What the exercise asks: This task asks for the lines from the one with "this 1600×1200 image." to the final line below, repeated exactly, with pictures omitted.

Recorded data
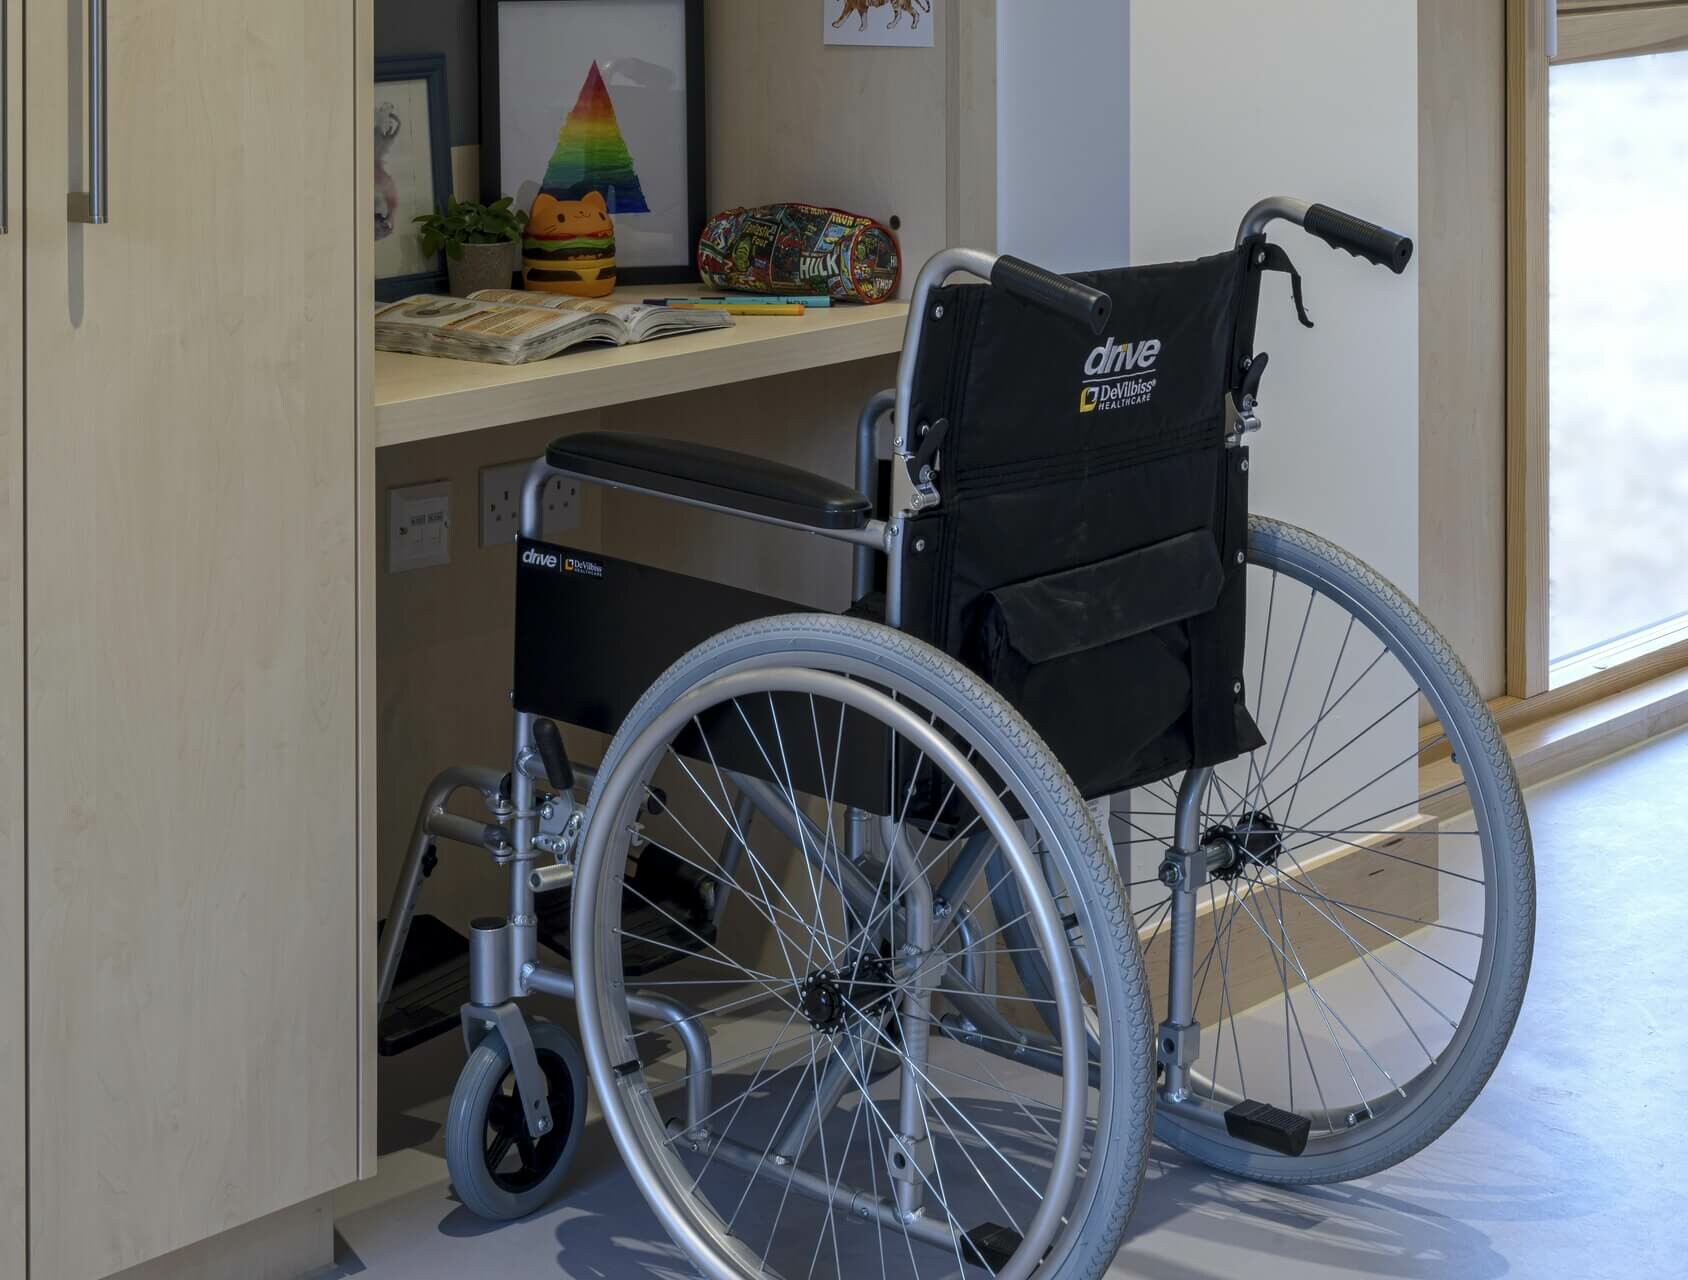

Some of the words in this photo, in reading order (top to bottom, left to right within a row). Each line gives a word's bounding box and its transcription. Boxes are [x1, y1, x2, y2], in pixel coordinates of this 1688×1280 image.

[799, 253, 840, 279] HULK
[1084, 336, 1161, 375] drive
[1101, 379, 1153, 401] DeVilbiss
[1098, 393, 1152, 410] HEALTHCARE
[522, 548, 557, 568] drive
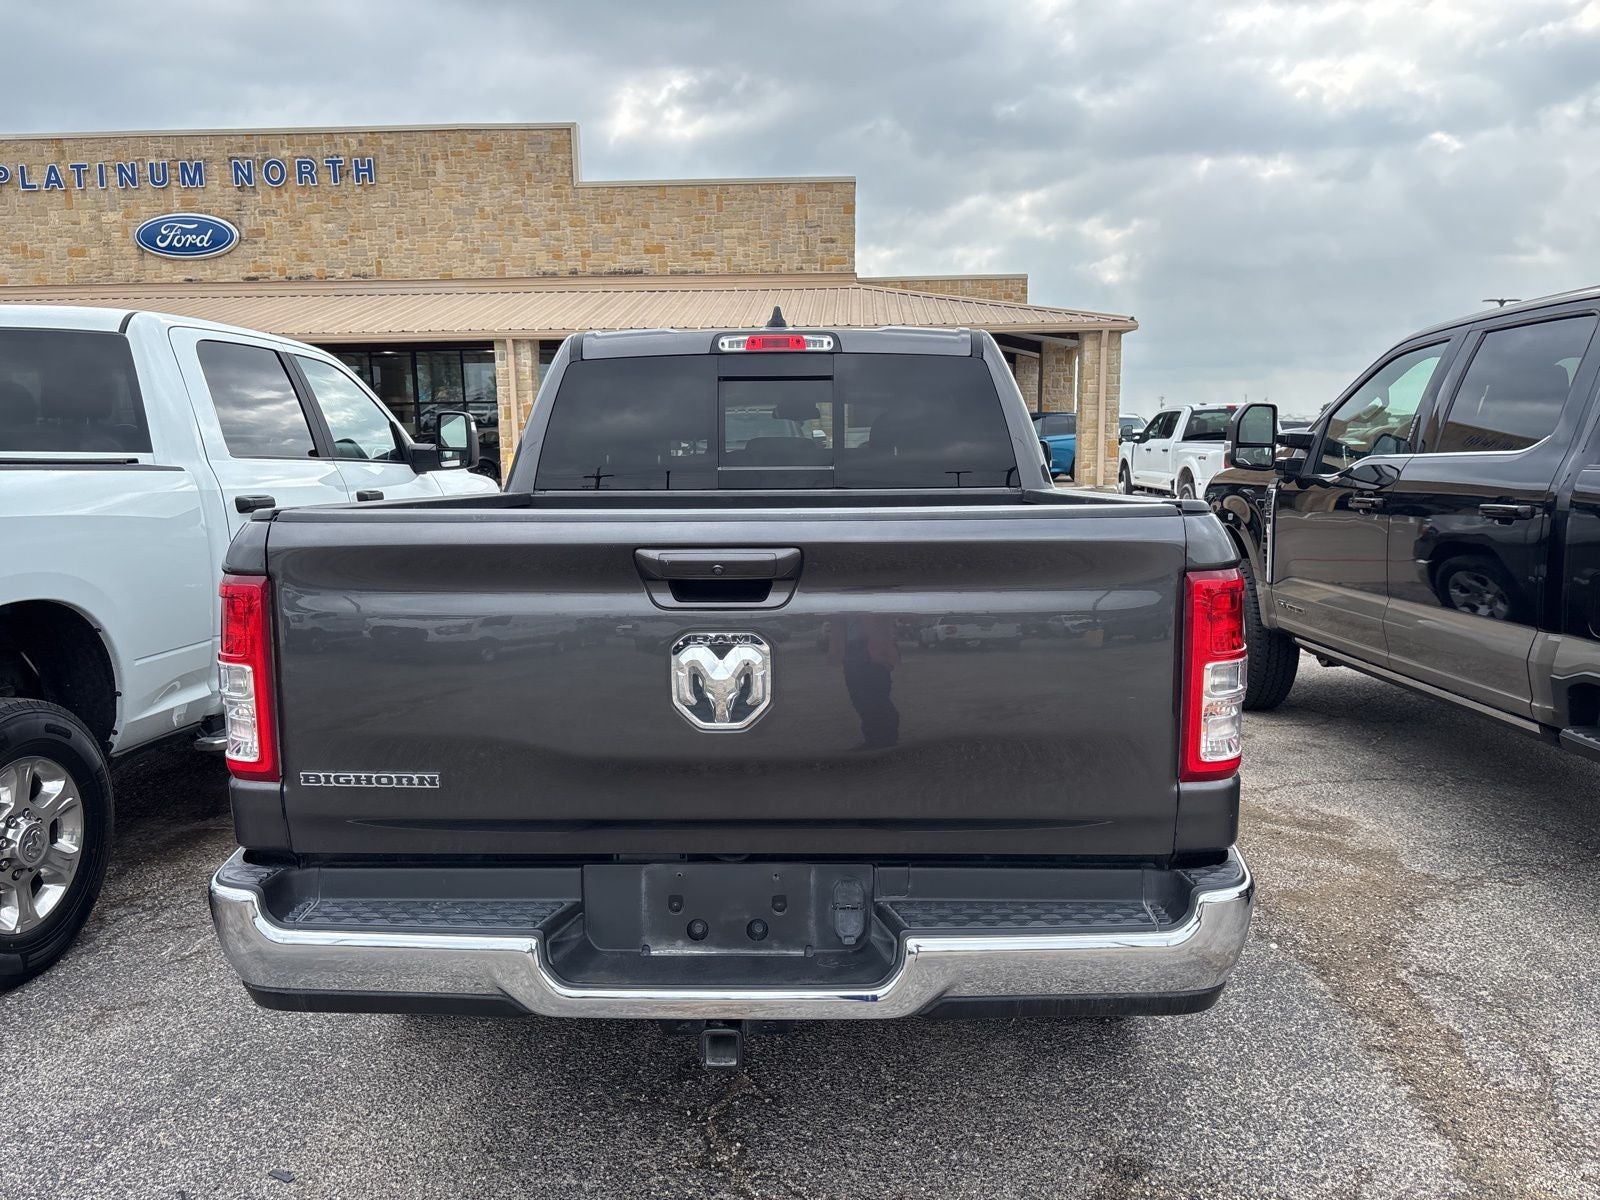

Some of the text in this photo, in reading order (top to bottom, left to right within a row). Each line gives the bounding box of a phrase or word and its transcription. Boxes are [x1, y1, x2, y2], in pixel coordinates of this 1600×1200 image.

[232, 157, 375, 187] NORTH
[156, 223, 213, 248] Ford
[690, 633, 751, 644] RAM
[300, 771, 439, 788] BIGHORN
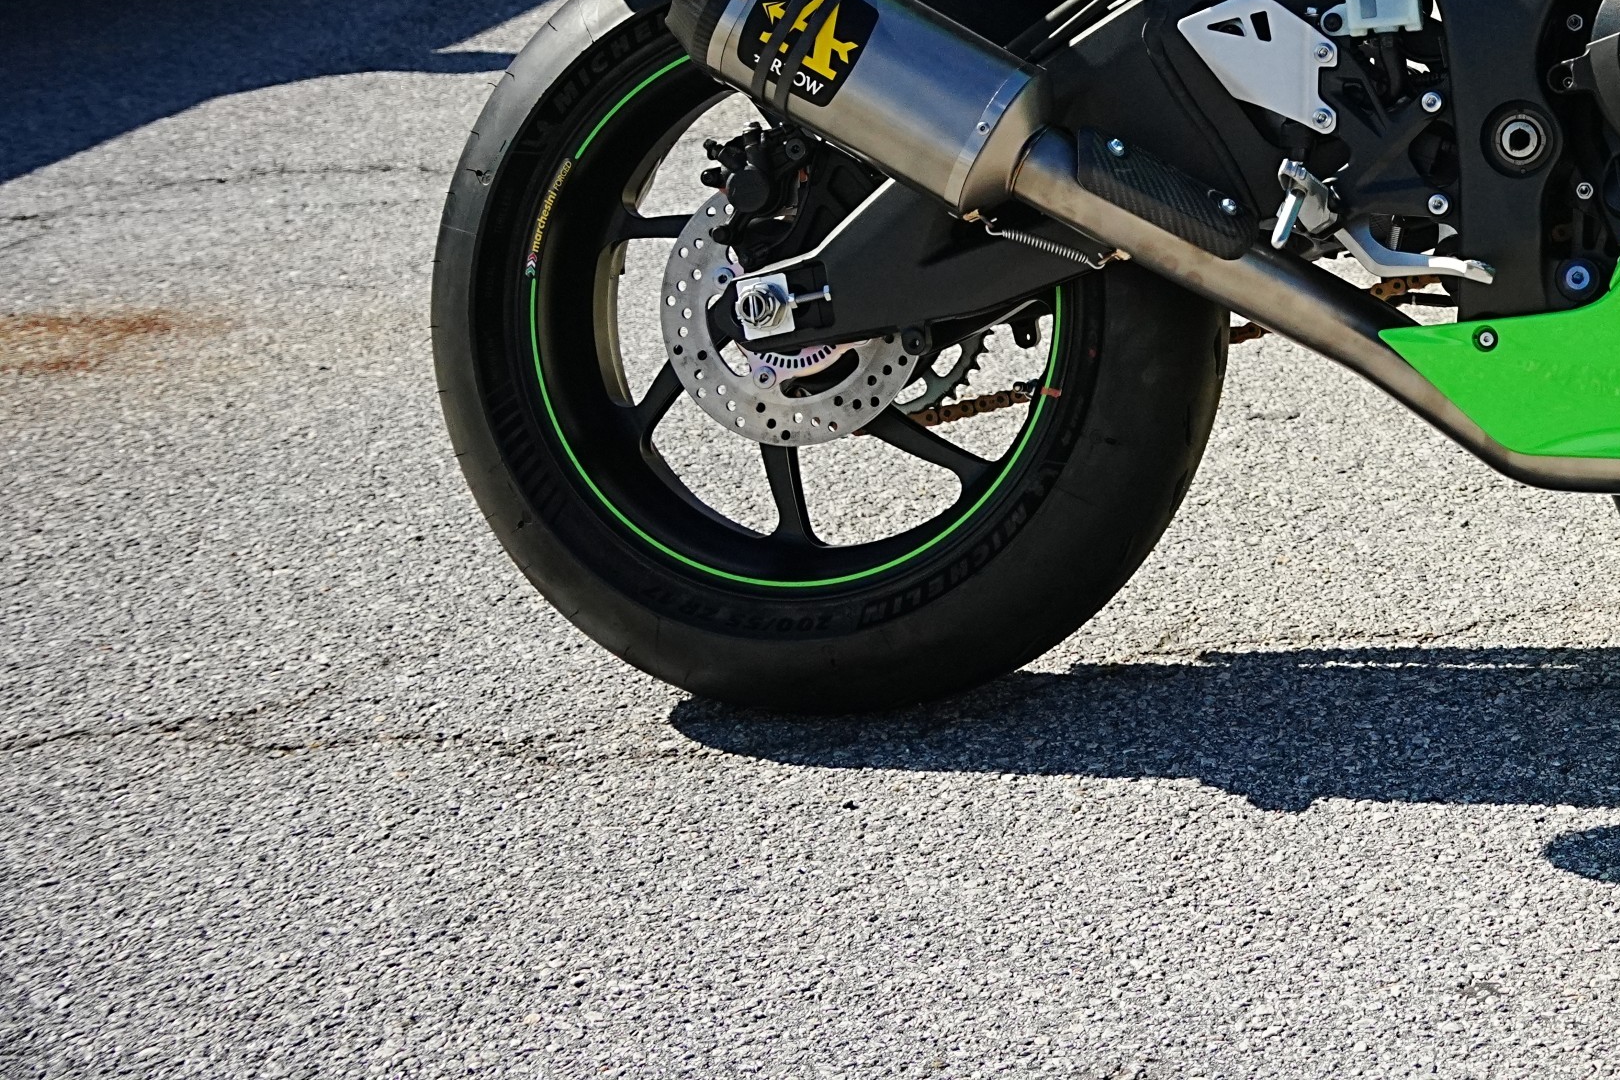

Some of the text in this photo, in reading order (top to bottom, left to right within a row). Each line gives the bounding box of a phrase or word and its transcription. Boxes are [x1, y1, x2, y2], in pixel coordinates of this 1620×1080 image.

[753, 53, 824, 96] ROW
[532, 161, 572, 253] marchesini FORGED
[861, 502, 1029, 623] MICHELIN

Task result:
Some of the text in this photo, in reading order (top to bottom, left to right within a row). Each line gives the bounding box of a phrase or word and its transcription. Boxes are [x1, y1, x2, y2], in pixel coordinates of this 1600×1200 image.

[232, 157, 375, 187] NORTH
[156, 223, 213, 248] Ford
[690, 633, 751, 644] RAM
[300, 771, 439, 788] BIGHORN

Some of the text in this photo, in reading order (top to bottom, left to right within a row). Each line gives the bounding box of a phrase or word and its transcription. Boxes are [x1, y1, x2, y2], in pixel coordinates of this 1620×1080 image.

[753, 53, 824, 96] ROW
[532, 161, 572, 253] marchesini FORGED
[861, 502, 1029, 623] MICHELIN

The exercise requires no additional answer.